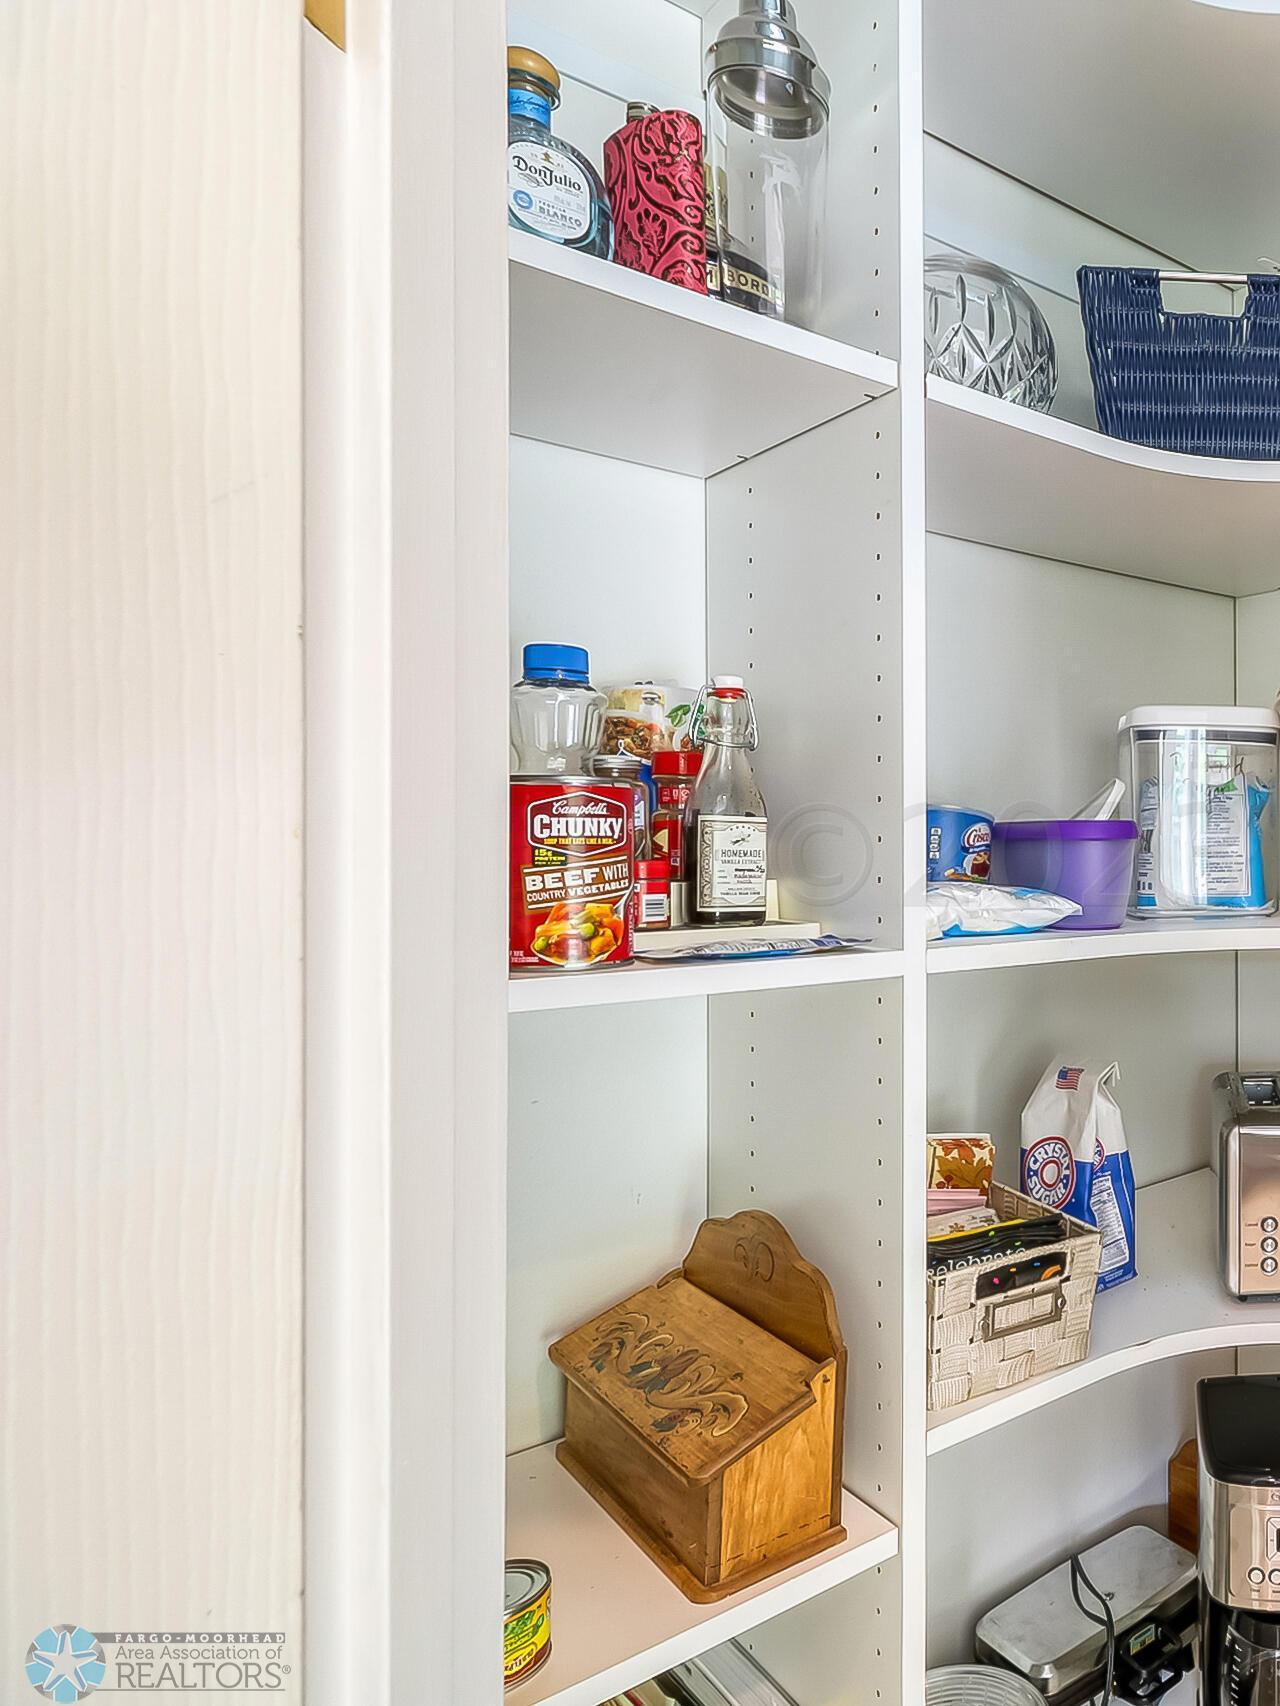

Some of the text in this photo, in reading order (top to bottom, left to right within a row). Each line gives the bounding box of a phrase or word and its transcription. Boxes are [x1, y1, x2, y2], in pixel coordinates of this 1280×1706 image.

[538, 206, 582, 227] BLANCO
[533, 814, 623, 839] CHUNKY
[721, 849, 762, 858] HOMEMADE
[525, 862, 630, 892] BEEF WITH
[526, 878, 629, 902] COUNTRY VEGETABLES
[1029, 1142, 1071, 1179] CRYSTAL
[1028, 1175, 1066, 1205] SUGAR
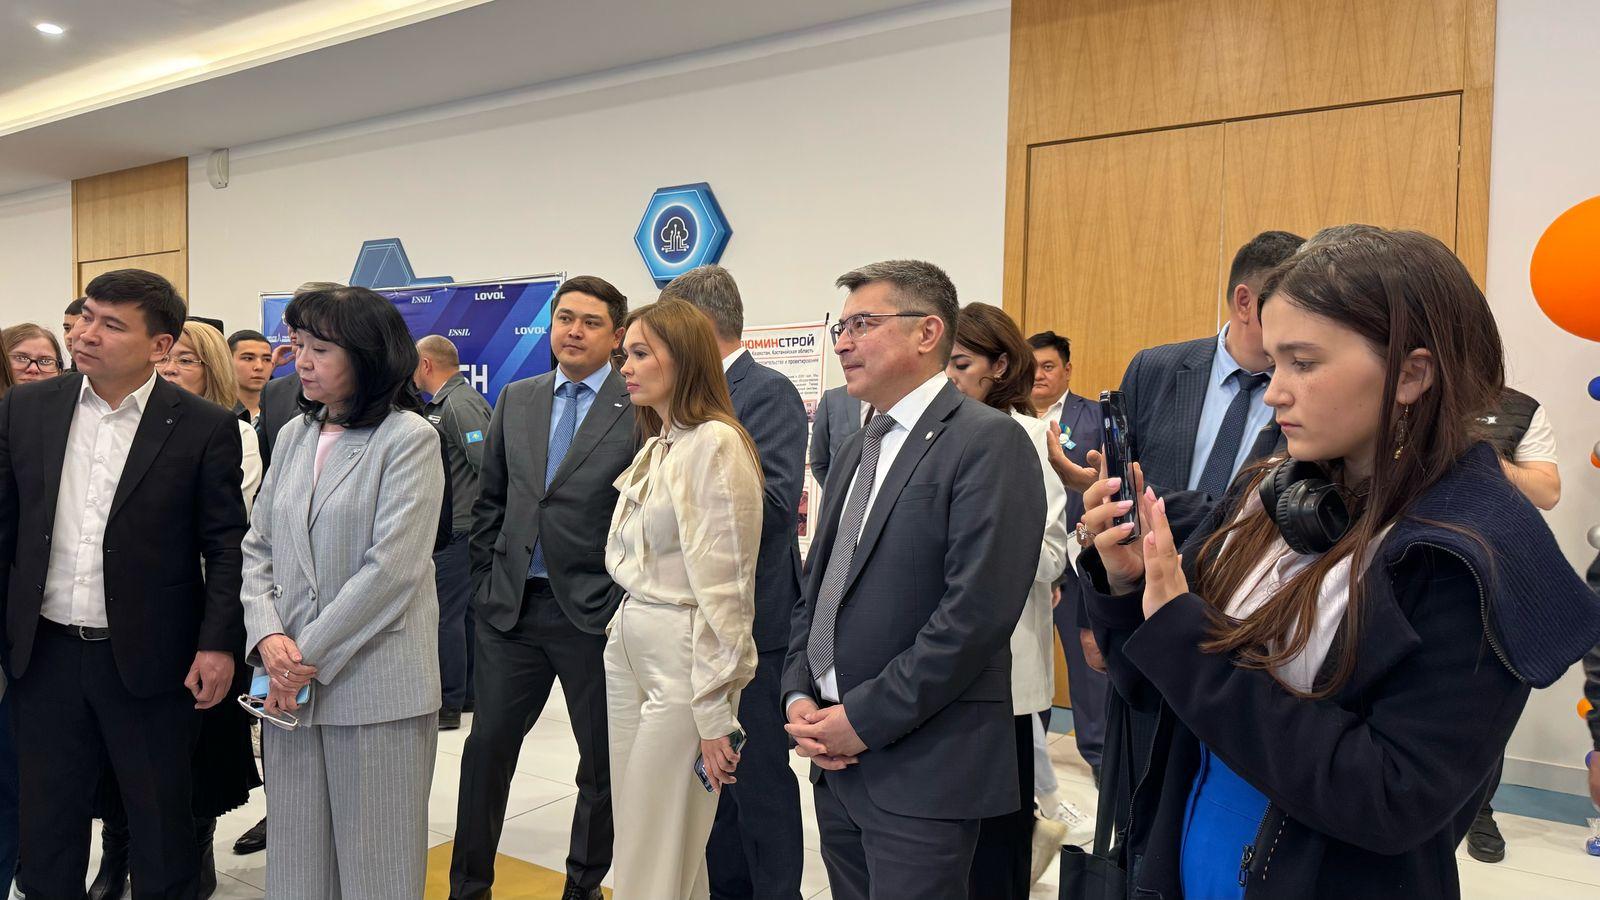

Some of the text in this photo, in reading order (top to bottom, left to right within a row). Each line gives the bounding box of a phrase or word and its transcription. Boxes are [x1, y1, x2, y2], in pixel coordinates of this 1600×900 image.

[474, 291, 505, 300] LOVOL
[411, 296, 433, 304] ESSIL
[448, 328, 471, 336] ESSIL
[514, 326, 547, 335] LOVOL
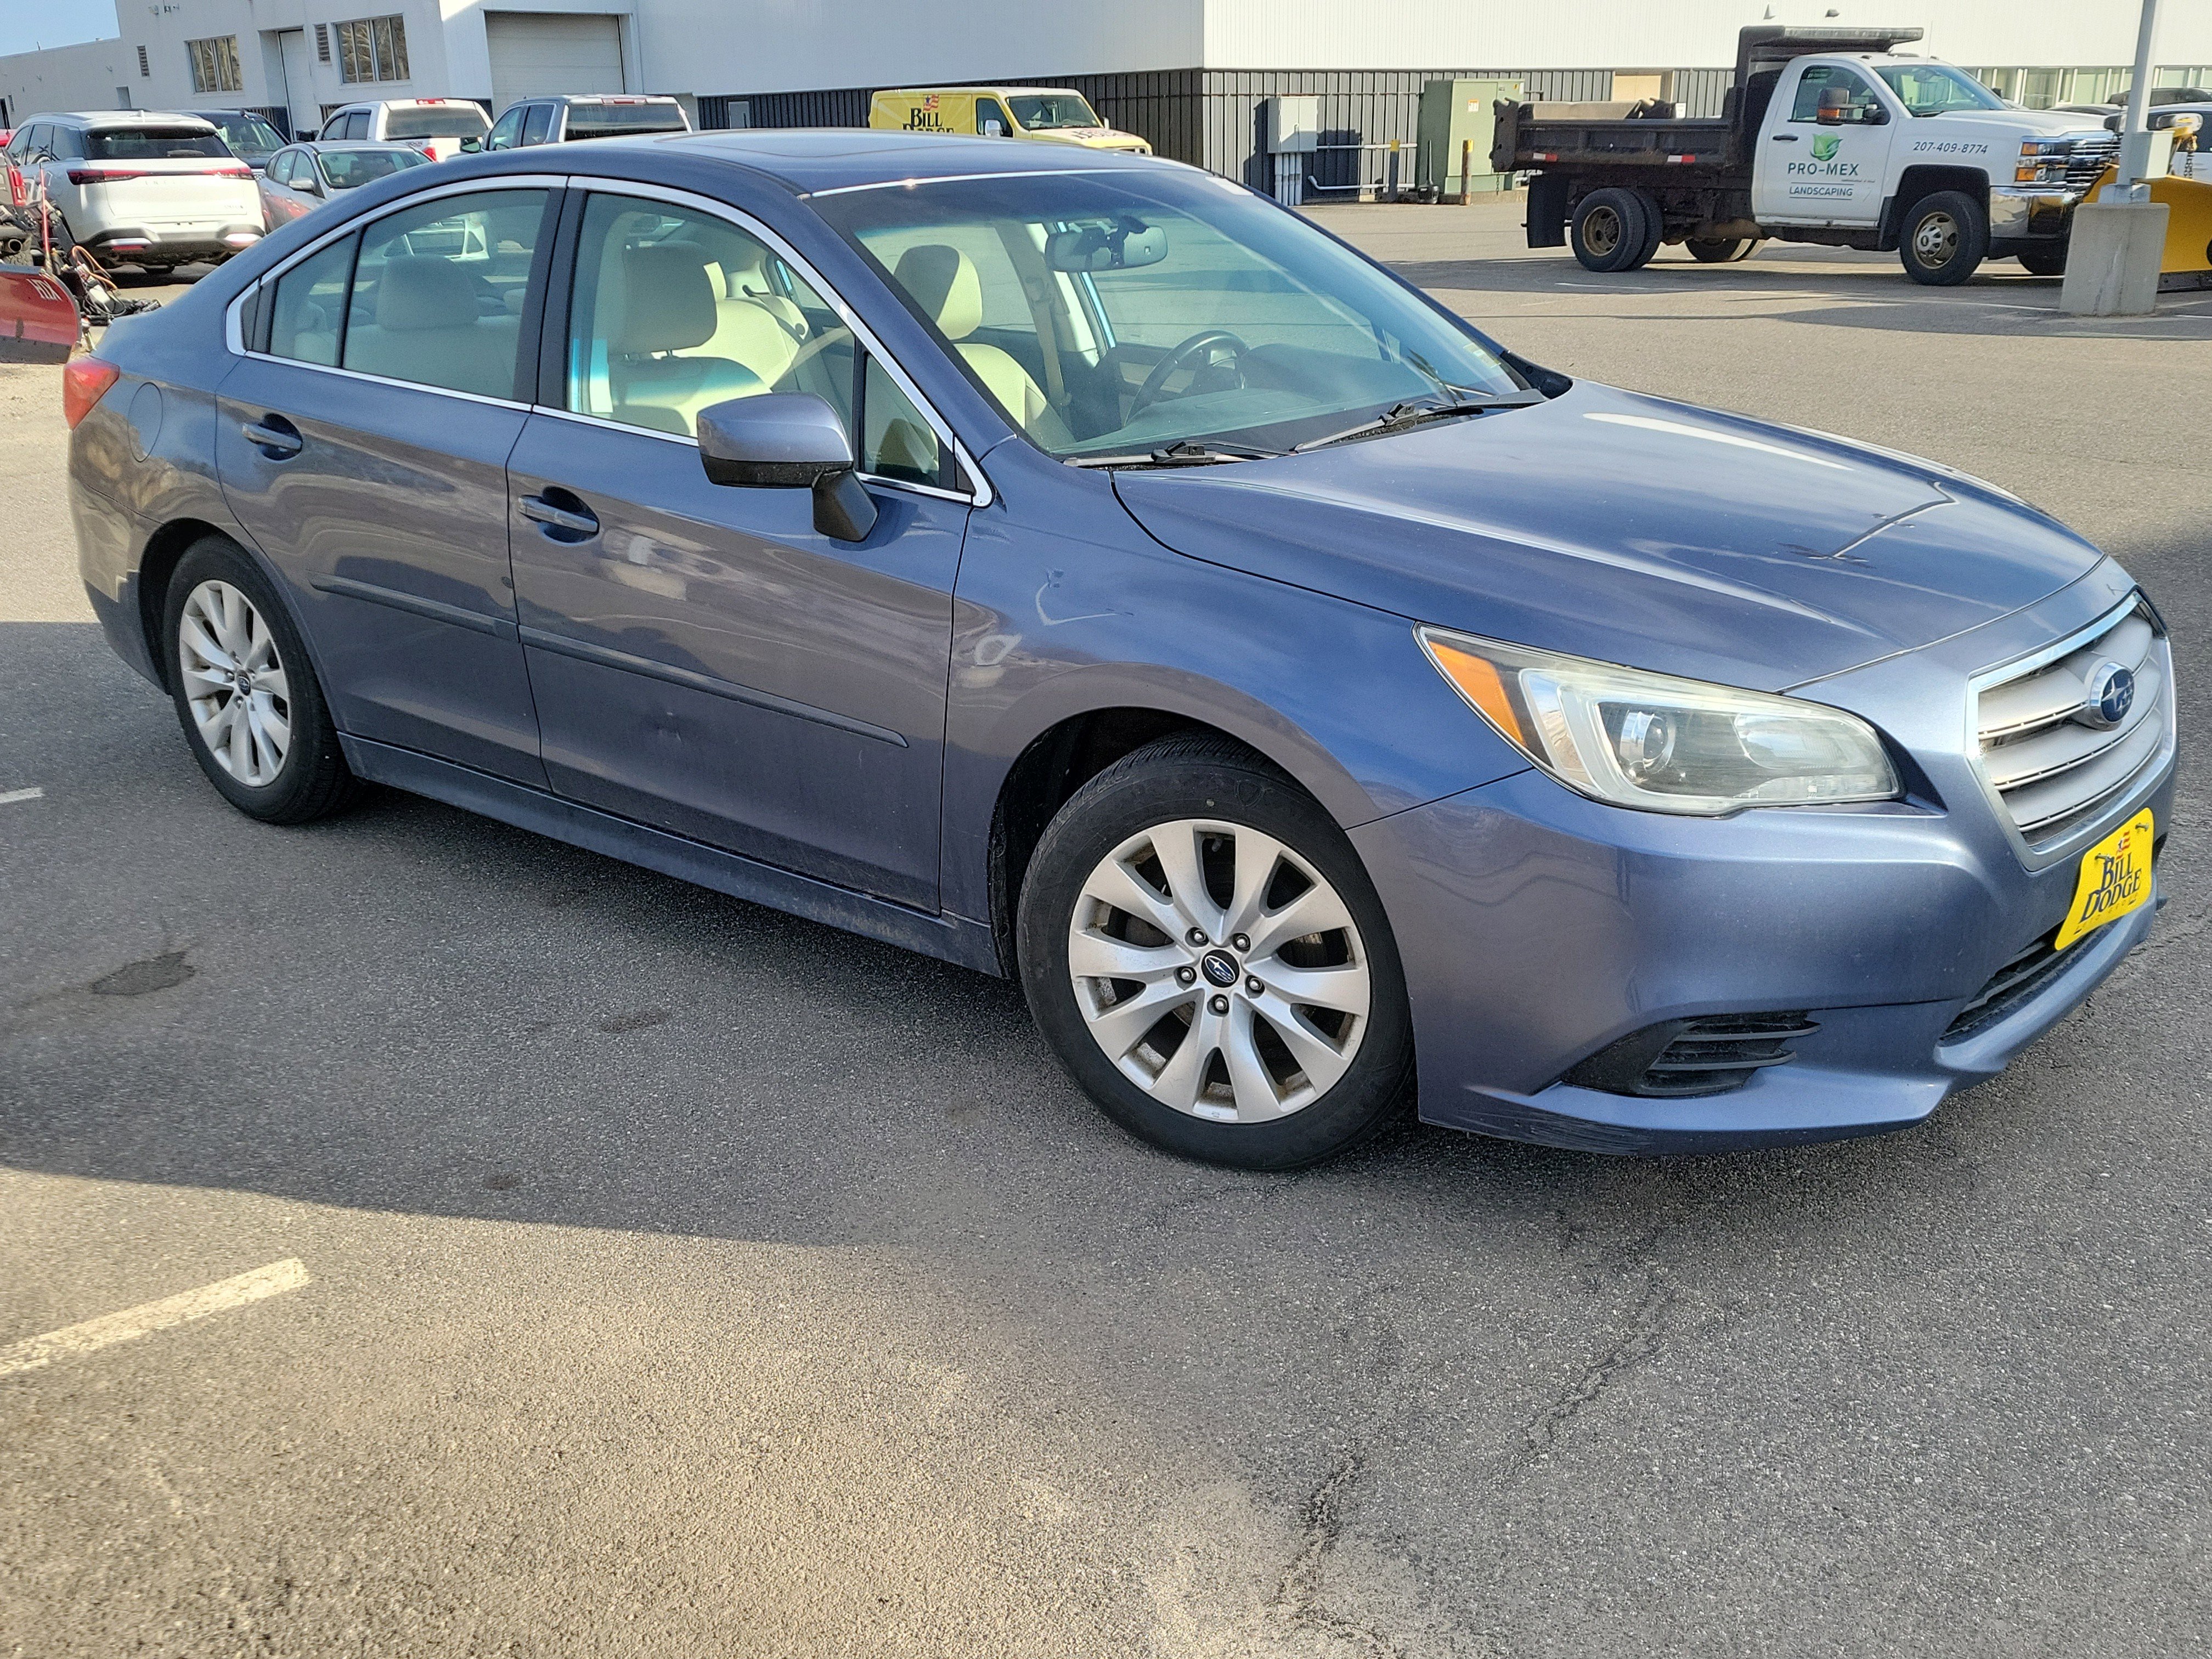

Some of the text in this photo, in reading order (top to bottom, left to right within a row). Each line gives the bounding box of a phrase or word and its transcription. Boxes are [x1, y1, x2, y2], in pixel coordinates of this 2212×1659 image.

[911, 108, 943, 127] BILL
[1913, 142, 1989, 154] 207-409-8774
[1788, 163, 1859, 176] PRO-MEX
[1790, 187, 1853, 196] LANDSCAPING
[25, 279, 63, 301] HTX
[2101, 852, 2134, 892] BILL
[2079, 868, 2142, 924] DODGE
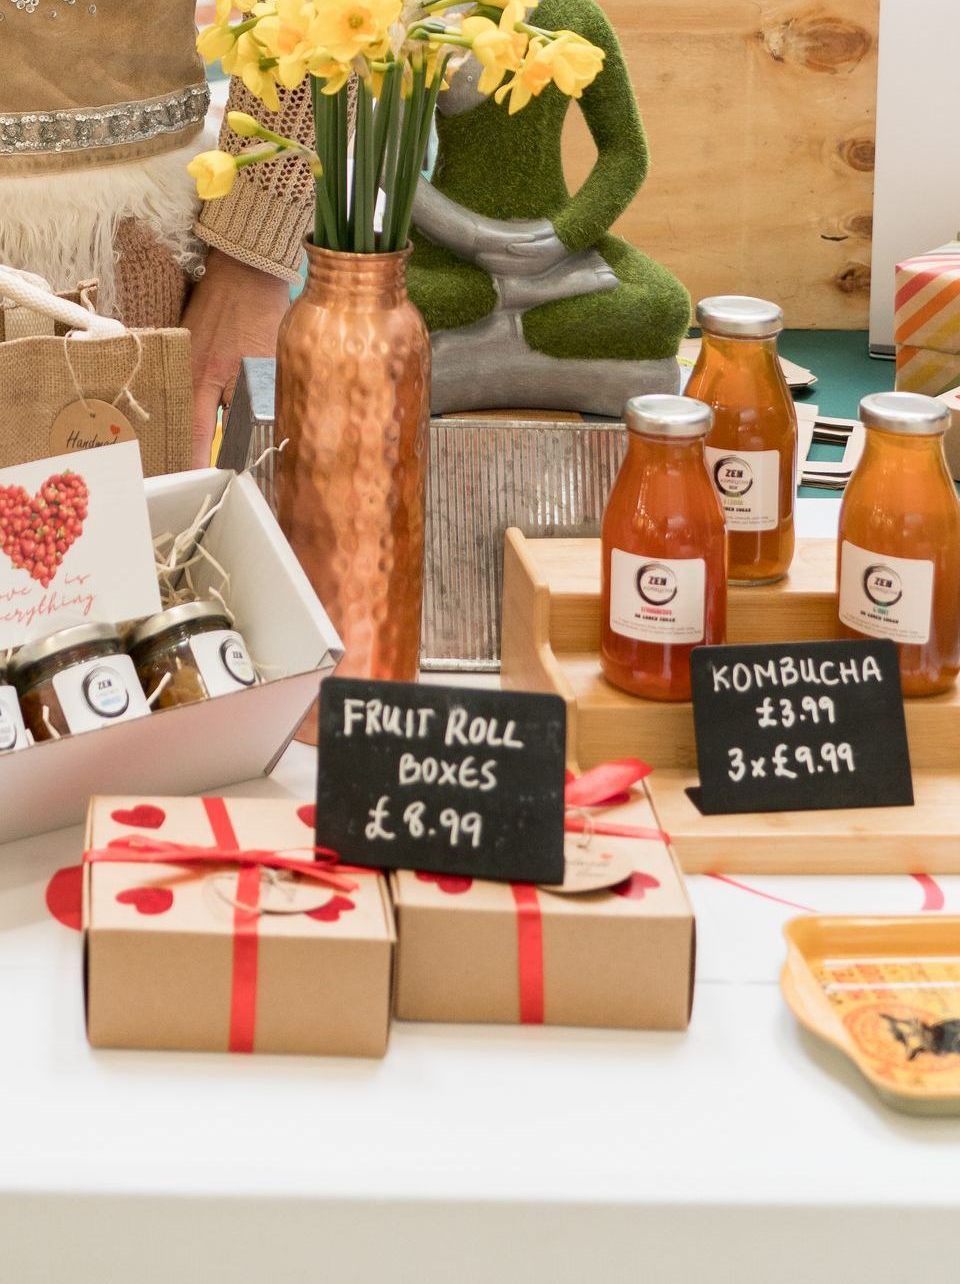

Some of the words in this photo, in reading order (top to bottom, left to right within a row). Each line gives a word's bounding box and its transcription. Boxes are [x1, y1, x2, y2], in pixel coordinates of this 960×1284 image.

## Brief
When you transcribe the entries, reproduce each line exactly and skip any picture.

## Problem solution
Some of the text in this photo, in reading order (top to bottom, left to right within a row). Each line gives the bounding box of a phrase or word and its transcription. Boxes are [x1, y1, x2, y2], in pixel coordinates of this 1280×1706 image.

[538, 206, 582, 227] BLANCO
[533, 814, 623, 839] CHUNKY
[721, 849, 762, 858] HOMEMADE
[525, 862, 630, 892] BEEF WITH
[526, 878, 629, 902] COUNTRY VEGETABLES
[1029, 1142, 1071, 1179] CRYSTAL
[1028, 1175, 1066, 1205] SUGAR

Some of the text in this photo, in reading order (top to bottom, left to right within a row). Each line gives the bounding box of a phrase or word and its transcription. Boxes are [x1, y1, x2, y2], in pixel coordinates of this 1600×900 image.

[474, 291, 505, 300] LOVOL
[411, 296, 433, 304] ESSIL
[448, 328, 471, 336] ESSIL
[514, 326, 547, 335] LOVOL

Some of the text in this photo, in reading order (top to bottom, left to right within a row). Each line gives the bounding box of a phrase or word and its transcription. Boxes are [x1, y1, x2, y2], in pixel coordinates of this 2212×1659 image.

[911, 108, 943, 127] BILL
[1913, 142, 1989, 154] 207-409-8774
[1788, 163, 1859, 176] PRO-MEX
[1790, 187, 1853, 196] LANDSCAPING
[25, 279, 63, 301] HTX
[2101, 852, 2134, 892] BILL
[2079, 868, 2142, 924] DODGE

Some of the words in this photo, in reading order (top to bottom, left to right within a row). Each line gives a word's bounding box and its transcription. Boxes are [x1, y1, x2, y2], in pixel coordinates of this 960×1284 image.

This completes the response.